There’s
something really fun, exciting, and scary about being young. You get to continually
experience new things, continually learn, and continually make mistakes. The
younger you are, usually the less severe the mistake. They don’t amount to the
big decisions you have to make about life later, but no matter the age, I think
the mistakes you make and the problems you face still affect you in the same
way.
I have a
five year old sister, very soon to be six, and I love hearing about her
friends and how school went. Right now her biggest problems are that I don’t
play with her enough, her best friend won’t let her be Elsa at recess, and one
of the boys in the class is mean to her. They seem like such small things, but
to her, it’s her world. She reminds me of when I was her age and I used to
fight with my best friend all of the time, and then we’d “stop being friends,”
and then be best friends again within the hour of our fight. It didn’t seem to
matter to adults, because they knew we’d be friends again, but I remember
thinking of every fight as life changing, and then forget that fear immediately
after we made up.
When we get
older, the problems we face are bigger: kid problems become preteen problems,
which become teenage problems, then college/ young adult problems, to just
adult problems, etc. One of the guarantees in life is that you will make
mistake after mistake and face problem after problem. It’s happened all your
life and it always will, though hopefully, the good will always outweigh the
bad.
Through
every hardship, it’s important to have people there who will support you.
Someone who really stands out to me recently is my old roommate, Rachel. I’m a
venter, meaning whenever I’m upset, angry, happy, any kind of emotion, I just
need to talk about it, and whenever Rachel was around she would listen to me.

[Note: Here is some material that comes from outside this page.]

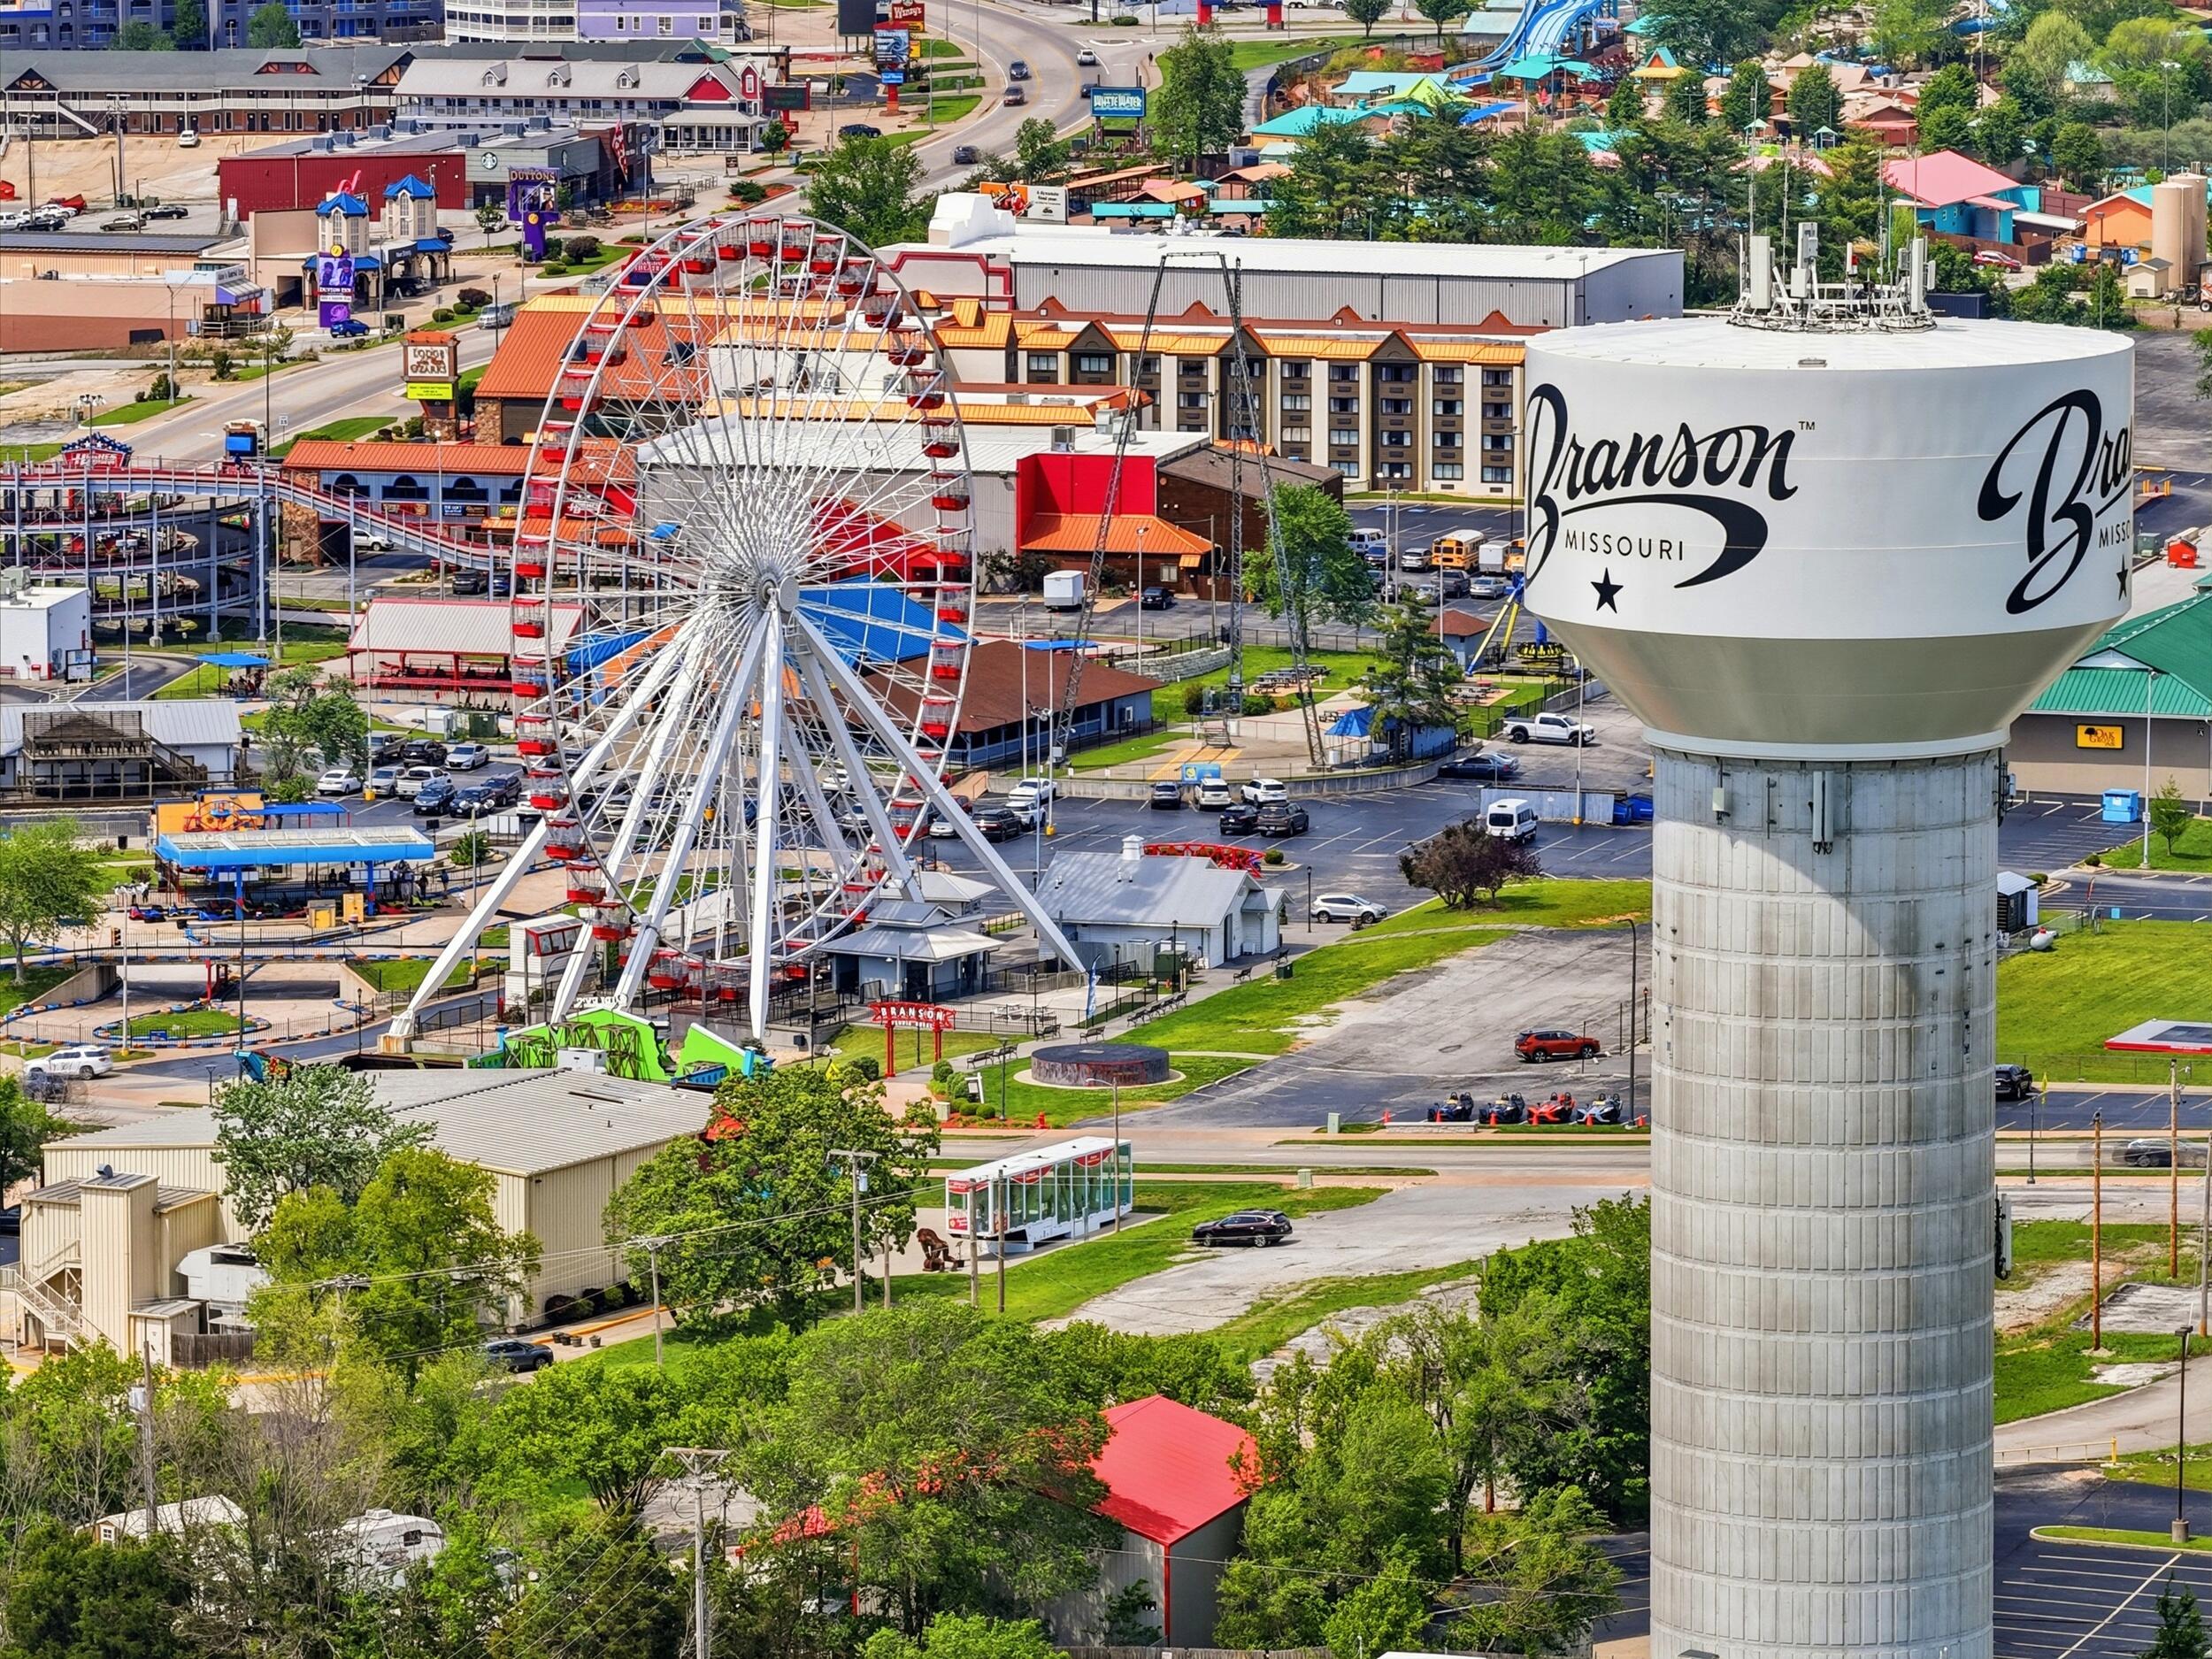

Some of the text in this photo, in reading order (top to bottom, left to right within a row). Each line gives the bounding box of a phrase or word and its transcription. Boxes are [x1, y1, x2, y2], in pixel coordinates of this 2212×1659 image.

[1525, 383, 1798, 589] Branson
[1564, 529, 1684, 561] MISSOURI
[880, 1007, 942, 1020] BRANSON

Then, if I ever feel distressed over anything, she would simply say, “It’s
okay.” She said those two words to me every time I needed to hear them, but I
didn’t realize I needed to hear those words.
“It’s okay”
have been the two most comforting words to me this year. Whether I had just
gotten a bad grade, or hurt someone I cared about, I would talk to Rachel and
she would just say, “It’s okay,” as if saying, “Don’t worry about it. It will
all work out. You are okay and you will be okay. It’s not the end of the world.”
Maybe it’s
just me being dramatic, or maybe it is the legitimate way people feel when they
are going through something, but it often does feel like it’s the end of the
world. Every time me and my best friend fought as kids, it was the end of the
world. Every time my sister can’t be Elsa at recess, it’s the end of the world, and every bad grade I've gotten was the end of the world. For the bigger things in life, it really does feel a lot bigger than it is.
That’s why
I’m here to tell you that everything is okay, even if it doesn’t seem like it.
It will be okay. You are okay. I went to the dentist today (I’m really scared
of the dentist), and I was texting my friends telling them I was going to die
from torture. Afterward, they asked me if I survived, and I said just barely.
They pointed out that still meant I survived. So, even if you barely survive, the
fact is that you are alive. You can learn from your mistakes, you can move on,
you can get through the problem your facing. You’re okay. And if you already
know you’re okay, then maybe someone else needs to hear those two words.
Feelings are temporary.
ReplyDeleteEverything will be ok at the end, and if its not ok, its not the end.
Amen. Its the hardships we go through that remind us we are still alive. They remind us that we have survived even our most challenging obsticles. They remind us that no matter what the physical or emotional harm, we have somehow had the strength to press forward and live. And in a way much like a callous, our hardships are what keep us strong and what make us stronger people, ready to overcome the next obstical, the next mistake, the next end of the world. Knowing that in the end, you're okay, it's okay.